Someday, stem cells could be used to repair one of the most common knee injuries.
The is research being conducted in a Rhode Island Hospital laboratory.
“It’s very exciting,” said Dr. Brett Owens, who is one of the researchers, as well as an assistant professor at Brown University and an orthopedic surgeon out of Rhode Island Hospital and the Miriam.
Researchers are looking at using human stem cells in a lab setting to heal a meniscal tear. The meniscus, is a rubbery disc that cushions the knee.
Right now, Owens said one of the challenges is the blood supply.
“It's really hard to get them to heal,” Owens said. “We can try to suture them back together. One of the challenges is getting it to heal.”
They create a meniscus tear in a petri dish then add human stem cells. After five weeks, the healing process is already taking place.
Referring to a slide, co-researcher Chat Jayasuriya, PhD said so far, so good.
"Over here, you see the human cells are actually repairing,” he said.
Currently, the work is strictly being conducted in the lab. But thanks to new funding, it will be expanded to include lab animals. Eventually, it will include humans.
That could help Owens better assist his patients
“If he wanted to use these cells, what he can do is, he sees a tear like this. He could suture it and put the cells on top. The cells will help repair the tear,” said Jayasuriya.
The research is one of the first pilot awards from the Brown University-based Advance Clinical Translational Research initiative.

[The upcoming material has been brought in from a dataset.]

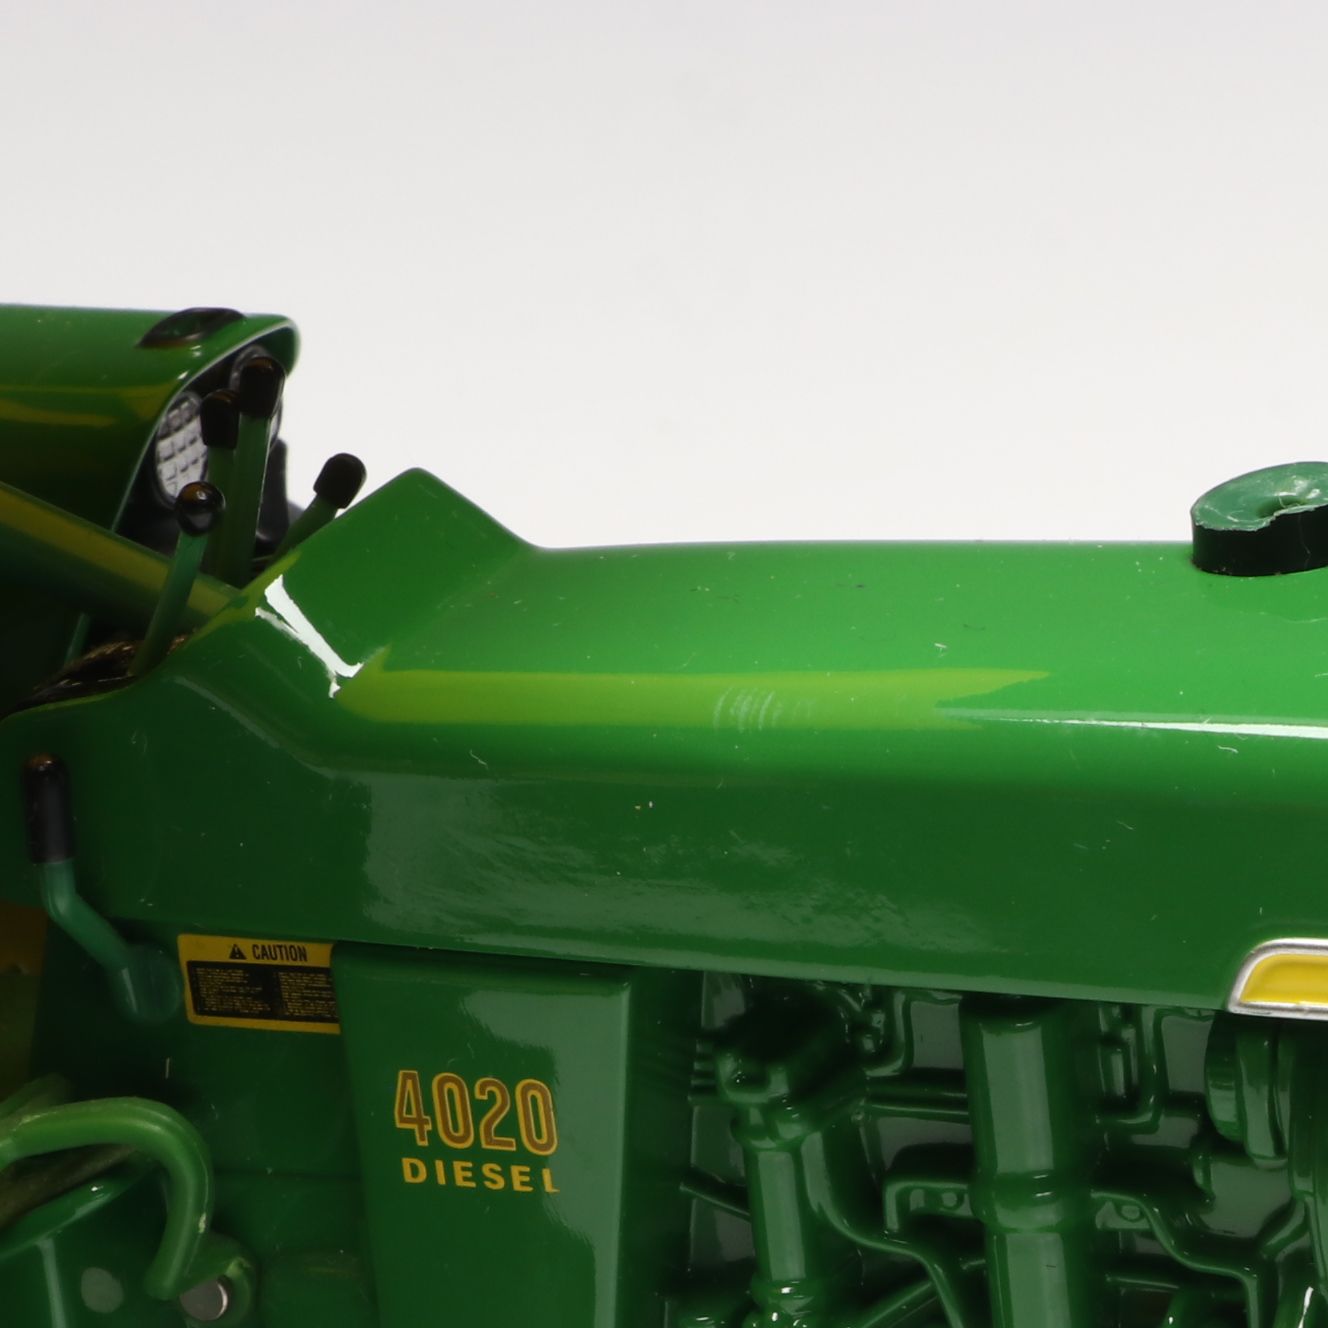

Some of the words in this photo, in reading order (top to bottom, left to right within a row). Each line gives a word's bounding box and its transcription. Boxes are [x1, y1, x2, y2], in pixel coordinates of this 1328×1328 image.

[252, 944, 308, 962] CAUTION
[394, 1070, 558, 1156] 4020
[401, 1157, 560, 1193] DIESEL
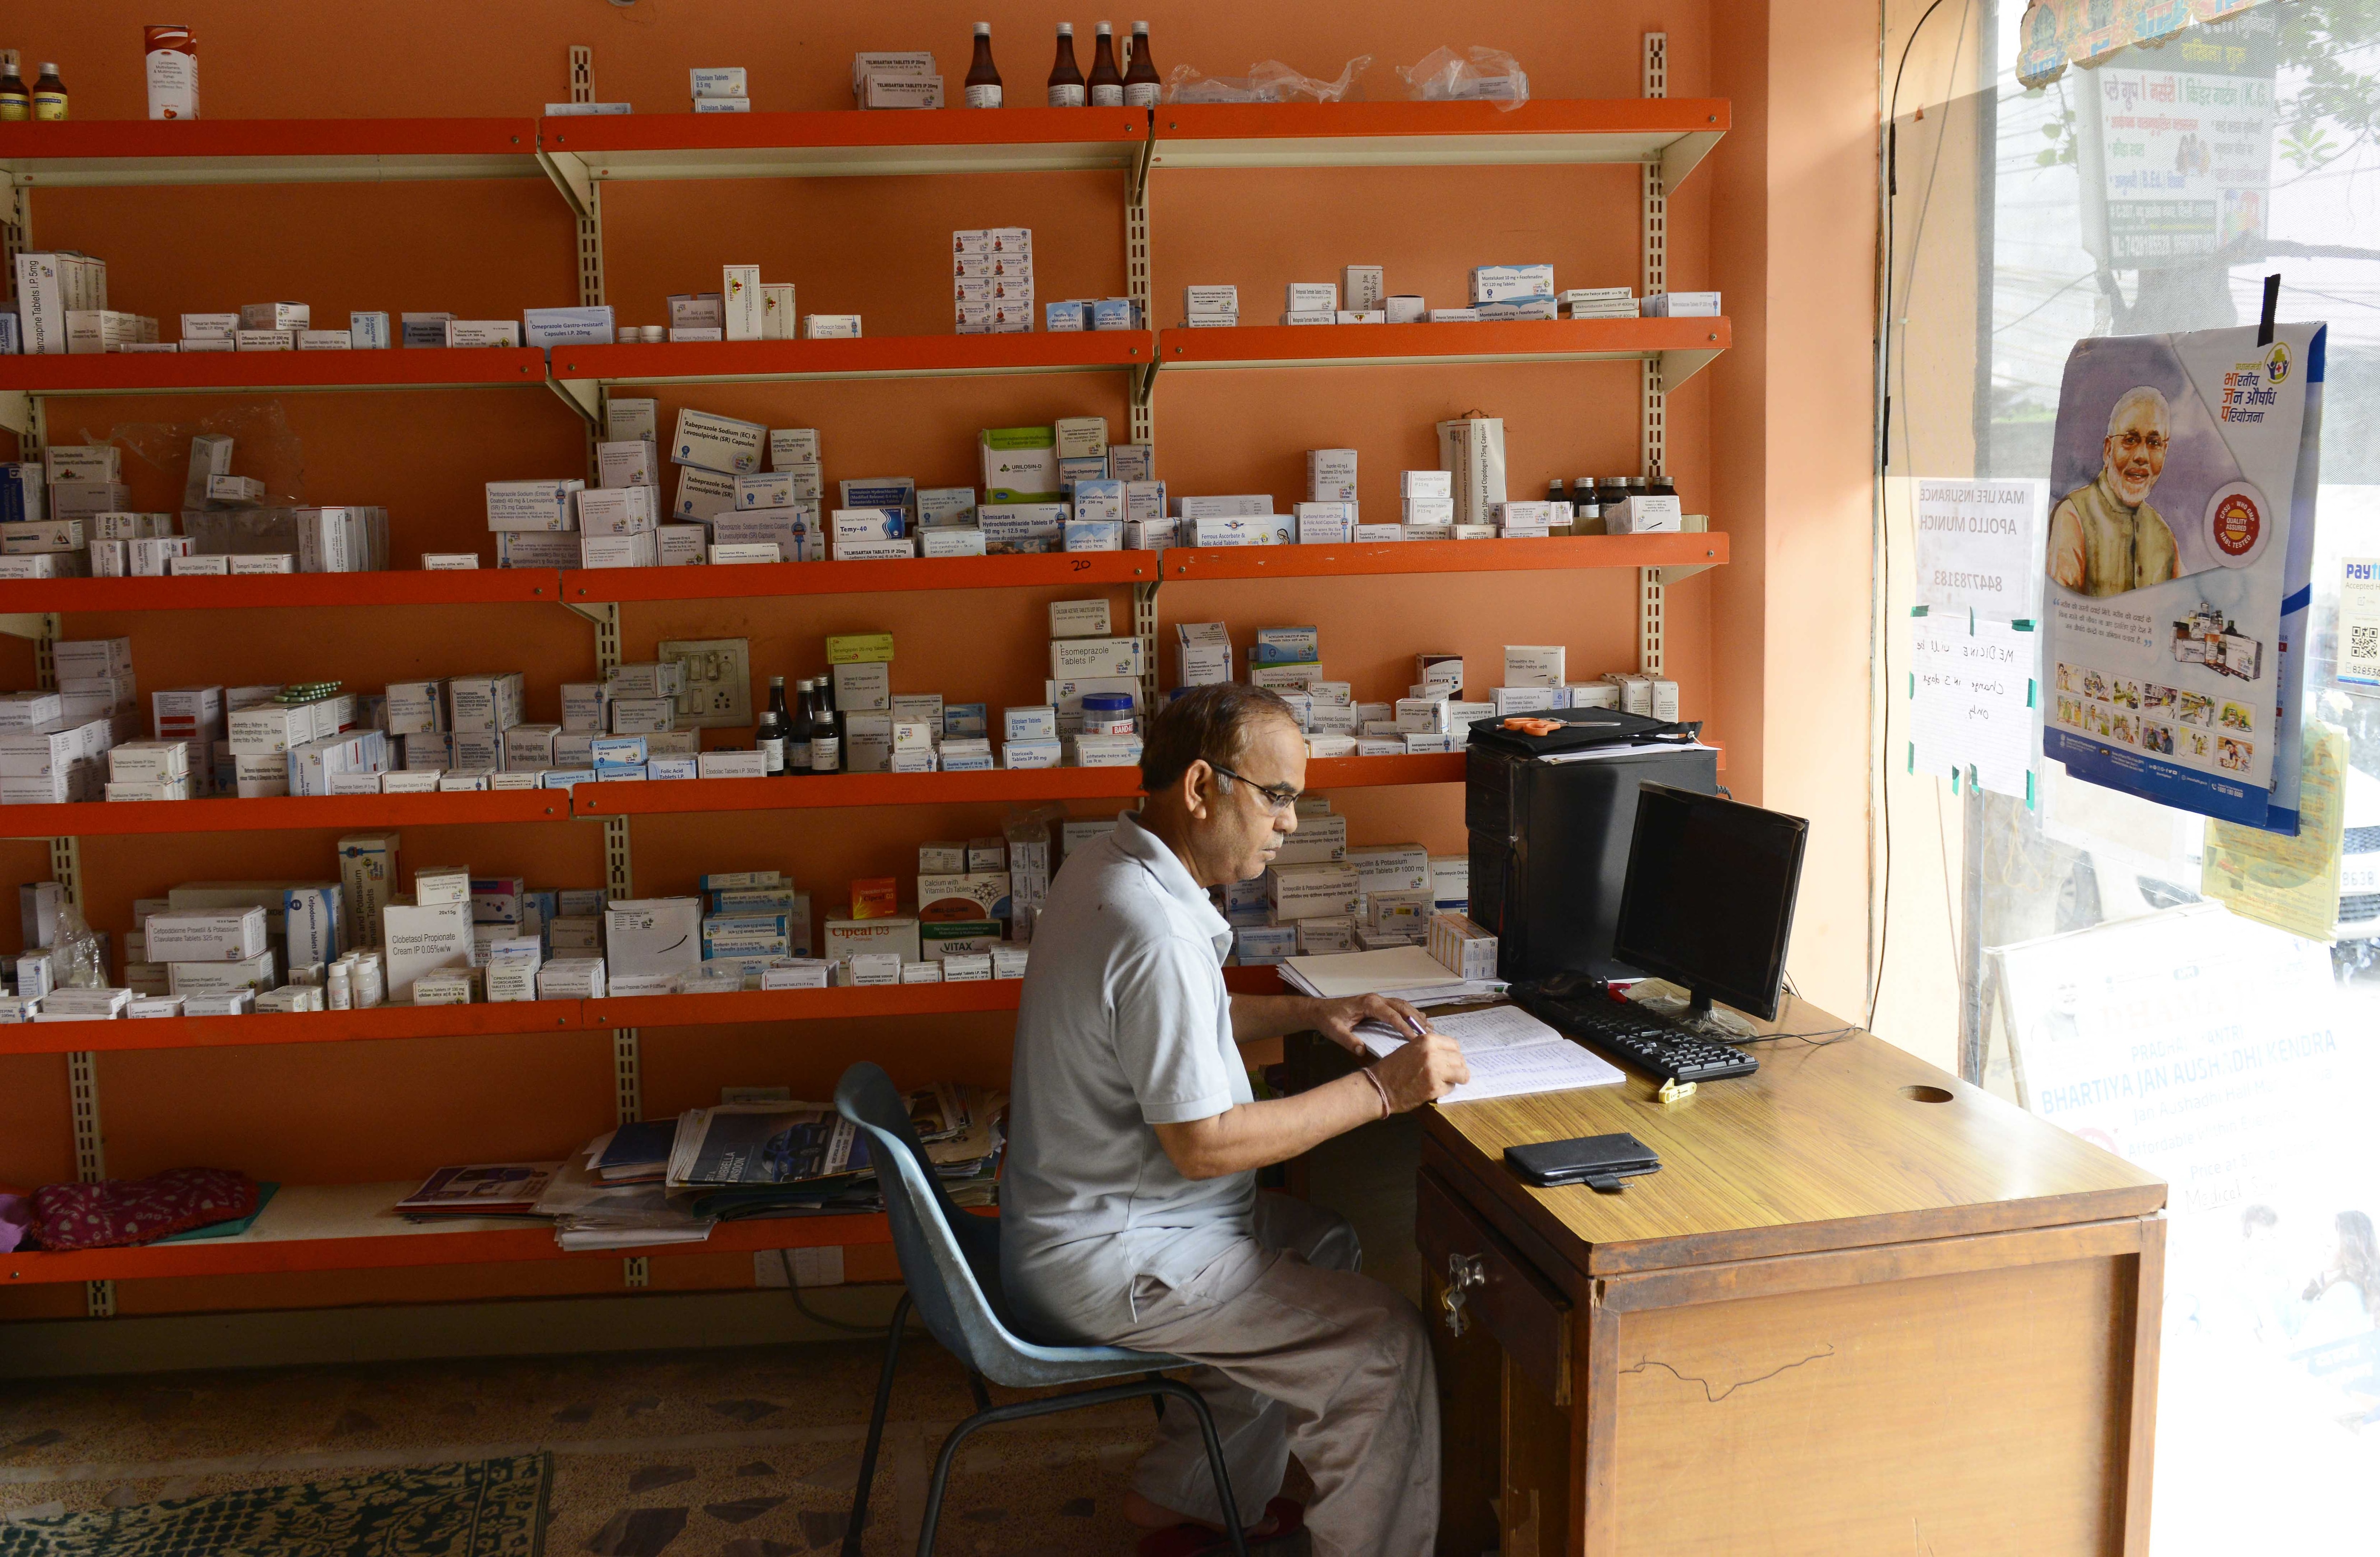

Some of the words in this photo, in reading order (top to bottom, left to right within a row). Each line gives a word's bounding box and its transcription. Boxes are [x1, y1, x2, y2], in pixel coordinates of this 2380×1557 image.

Last year, it received funding from the National Institute of General Medical Sciences.
The total of the five-year program award is $19.5 million. The research is being funded at $75,000 for one year.
The purpose of the translational research initiative is to fund collaborative research involving multiple partners, depending on the project, including researchers from Brown University, Lifespan, Care New England, the Providence VA Medical Center, URI, and the Rhode Island Quality Institute.